Edelknabe hat geschrieben:Sehe ich so Reportagen über die Arbeitswelt bei uns Brüder und Schwestern West denke ich immer so bei mir:"Mensch, sind das aber viele alte Säcke an den Bändern da? Die müssen doch schon über 40 Jahre in der Bude dort schrauben und da fällt mir doch so ein, im Osten damals, in der DDR war das auch nur nicht viel anders mit den alten Säcken und Tanten.

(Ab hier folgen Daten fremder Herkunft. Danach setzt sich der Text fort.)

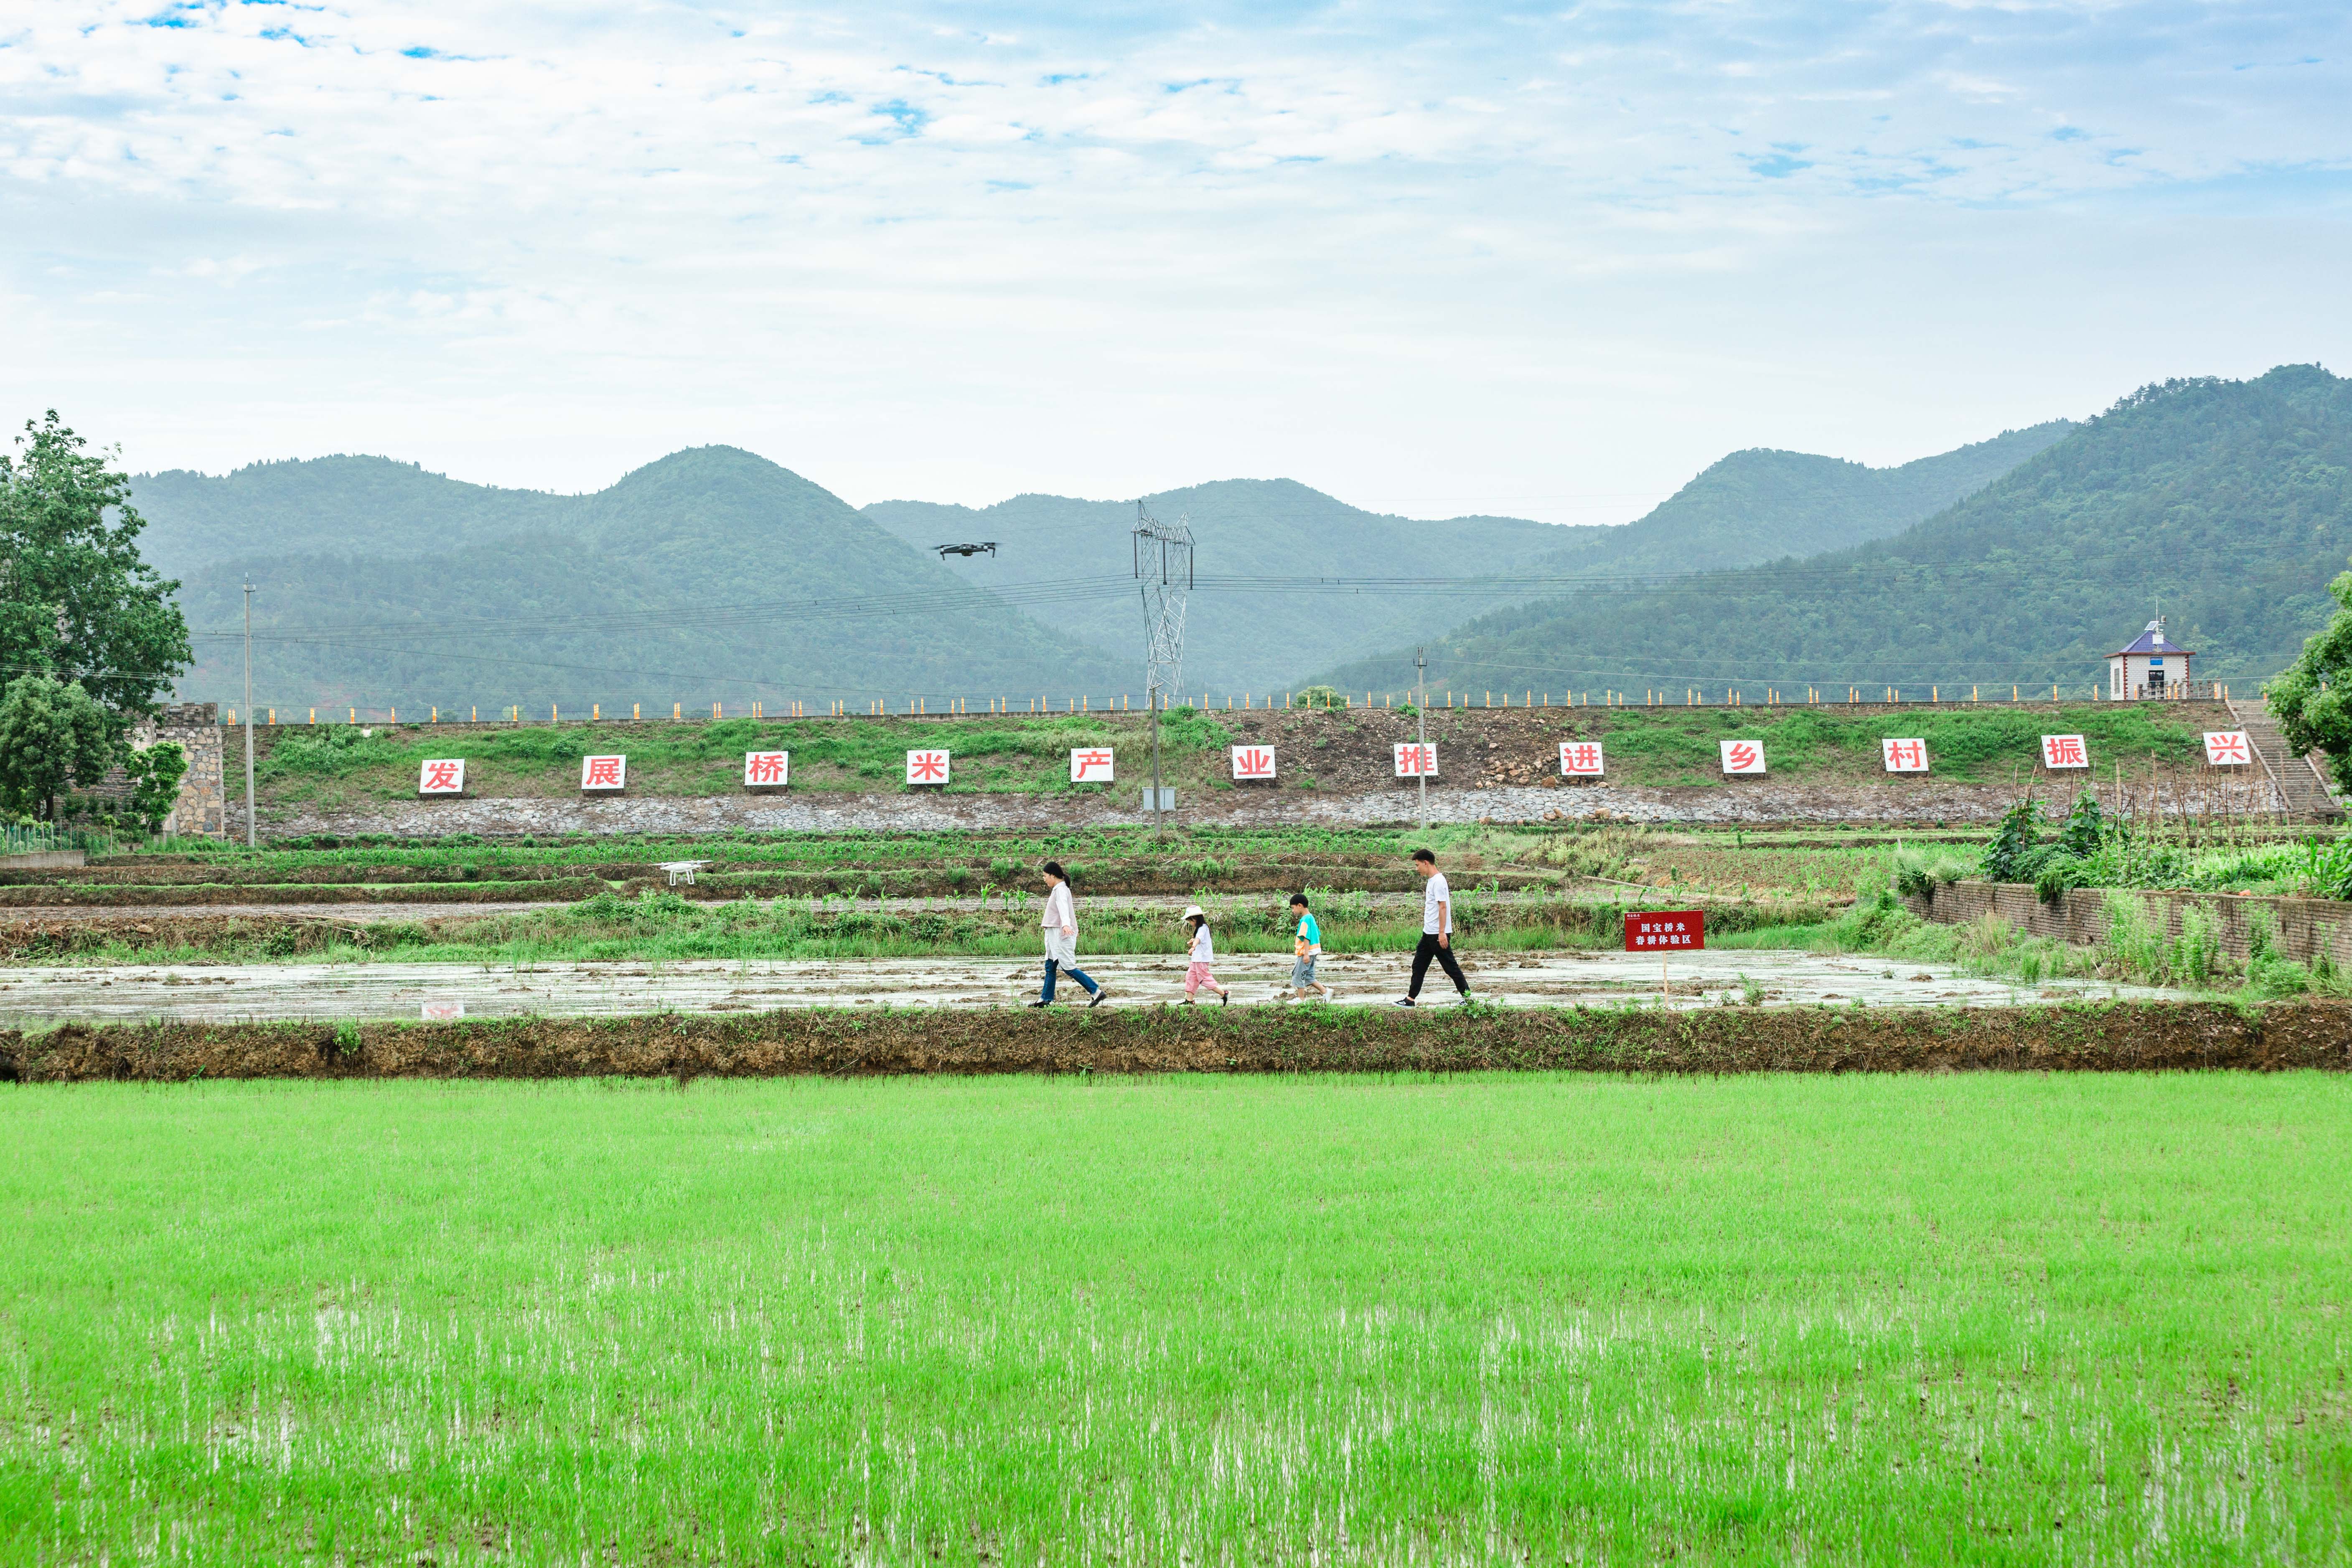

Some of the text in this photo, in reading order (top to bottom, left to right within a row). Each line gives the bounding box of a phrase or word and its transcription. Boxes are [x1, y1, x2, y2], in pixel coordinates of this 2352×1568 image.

Na gut, die Jugend verdiente da auch ...gutes Geld damals,die durfte sich auch entfalten, ganz im Gegensatz zu heute, ich kanns ja bezeugen denn ich war ein junger Werktätiger in der DDR.
Also, die alten )West)Säcke und Tanten raus und in den Vorruhestand und frisches junges Blut ran an die Bänder, dann klappt das auch mit der schönen Rente noch später, die alten Säcke haben eh schon genug Geld gescheffelt und wissen vor lauter Zweit und Drittauto nicht wohin mit der Kohle in ihrem Haushalt. Dann verbraten sie das schöne Geld auch noch in irgendwelchen Schrottimmobilien diese satten Menschenkinder oder schmeißen es den gierigen Bänkern in den Rachen, was das nur soll, also ich weiß nicht so Recht?
Rainer-Maria und war das schön? Ich weiß doch, das gefällt euch und ich liebe das diebisch, uns Brüder und Schwestern West mal so richtig....mit ihrem Teebeutel auszuquetschen. Darauf einen guten Morgenkaffeee, mit viel Milch und Zucker, richtig schön sächsisch stark
![Wink [wink]](./images/smilies/wink.gif)


Edelknabe hat geschrieben:Der Sozialismus brauchte da wahrlich keinen Personalrat zur Kontrolle...

![Hallo [hallo]](./images/smilies/hallo.gif)

"Was brauchen eigentlich ältere Berufstätige, damit sie auch wirklich motiviert und engagiert weiterhin in den Unternehmen und in der Arbeitstätigkeit bleiben?

augenzeuge hat geschrieben:Schaut euch mal die Tarifverträge an. Da gibts zwischen den Alten und Jungen aber gewaltige Unterschiede. Kein Wunder, dass man die Alten loswerden will.